Onze heures vingt-quatre, un samedi matin. Attablée autour d'une table d'un café parisien dans le premier arrondissement, j'observe les rayons du soleil réchauffer ce temps automnal à travers la vitre, guettant les touristes et les passants profiter de ce brin de chaleur.

Un café devant moi, j'écoute d'une oreille distraite ce que me disent Adèle, Clémence et Carla.

Ces deux premières m'ont contacté dans la semaine, Clémence ayant dit à Adèle ce qu'il s'est passé avec Baptiste.

Elles m'ont gentiment proposé de passer un peu de temps avec elles, et de, pourquoi pas, emmener Carla afin qu'elles fassent un peu plus connaissance.

J'ai directement accepté, trouvant cette proposition alléchante, Carla étant enchanté de les rencontrer.

C'est vrai que, cette semaine, je n'ai pas été au top de ma forme, ressassant sans cesse la main de Baptiste s'affaisser sur ma joue, d'une manière brutale.

La tristesse et la manière dont j'ai encaissé le choc de ma rupture avec Baptiste a été différente de celle avec Ken il y a deux ans de cela.

Pour Baptiste, j'ai continué de sortir, je n'ai pas couper contact avec le monde. Avec Baptiste j'ai continué de vivre.

Avec Ken, ç'a était le contraire. Avec lui, je suis restée cloîtrée chez moi à me morfondre et m'apitoyer sur mon sort, tout en étant très inspirée pour mes sons.

Alors que pour Baptiste, je n'arrivais à aligner aucune phrase, je ne trouvais pas les bons mots ni même l'idée ou l'inspiration.

Lui, je n'ai pas pris la peine de l'appeler, mais, comme avec Ken, j'ai ignoré ses appels.

- Eléane, tu nous écoute ?

- Hein ? Oh, pardon. J'étais... perdue dans mes pensées.

- Je vois ça, me sourit l'actrice. J'étais en train de faire une blague.

Je croise son regard, luisant de malice, et lui affiche un sourire sincère. Je sais qu'elle se souvient à quel point j'adore les blagues, et avec quelle facilité j'arrive à les retenir.

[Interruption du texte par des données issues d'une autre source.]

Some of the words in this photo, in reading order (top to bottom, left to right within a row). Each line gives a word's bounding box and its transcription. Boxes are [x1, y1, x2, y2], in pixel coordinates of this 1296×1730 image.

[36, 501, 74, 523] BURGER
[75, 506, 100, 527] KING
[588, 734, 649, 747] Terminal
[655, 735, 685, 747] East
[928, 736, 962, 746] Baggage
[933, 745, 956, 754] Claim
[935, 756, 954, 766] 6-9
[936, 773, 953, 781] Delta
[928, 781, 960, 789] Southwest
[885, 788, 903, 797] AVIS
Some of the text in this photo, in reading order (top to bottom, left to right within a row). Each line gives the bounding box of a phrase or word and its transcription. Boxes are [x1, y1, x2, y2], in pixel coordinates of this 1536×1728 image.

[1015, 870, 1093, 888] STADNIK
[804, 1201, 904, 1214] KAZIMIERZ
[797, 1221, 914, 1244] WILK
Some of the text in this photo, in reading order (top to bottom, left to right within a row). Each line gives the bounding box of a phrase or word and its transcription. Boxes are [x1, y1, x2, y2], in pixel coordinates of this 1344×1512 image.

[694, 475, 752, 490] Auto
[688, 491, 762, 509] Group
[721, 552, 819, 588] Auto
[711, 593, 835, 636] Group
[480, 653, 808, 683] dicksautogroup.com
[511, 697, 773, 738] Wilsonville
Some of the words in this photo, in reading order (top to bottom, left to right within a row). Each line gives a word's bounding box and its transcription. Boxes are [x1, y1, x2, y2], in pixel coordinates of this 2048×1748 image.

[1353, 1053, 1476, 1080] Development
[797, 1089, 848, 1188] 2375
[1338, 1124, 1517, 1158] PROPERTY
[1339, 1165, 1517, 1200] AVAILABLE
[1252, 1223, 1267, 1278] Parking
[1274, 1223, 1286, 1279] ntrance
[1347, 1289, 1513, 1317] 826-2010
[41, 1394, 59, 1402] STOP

- Vas-y, fais-la moi ! m'enthousiasmé-je.

- Toc, toc.

- Qui est là ? demandé-je.

- Arnaud.

- Arnaud qui ?

- Arnaud actes manqués !

J'éclate de rire, en basculant ma tête en arrière, plaçant correctement mon dos dans le dossier de ma chaise. Je frappe dans mes mains, riant de bon cœur de cette blague, si nulle soit-elle.

K E N

Je rentre dans ce café, accompagné de plusieurs de mes reufs, attirés par ce fou rire communicatif et joyeux, qui m'est familier.

Ce genre de rire franc que j'aime tant entendre, surtout lorsque c'est à cause de moi que je l'entends rire ainsi.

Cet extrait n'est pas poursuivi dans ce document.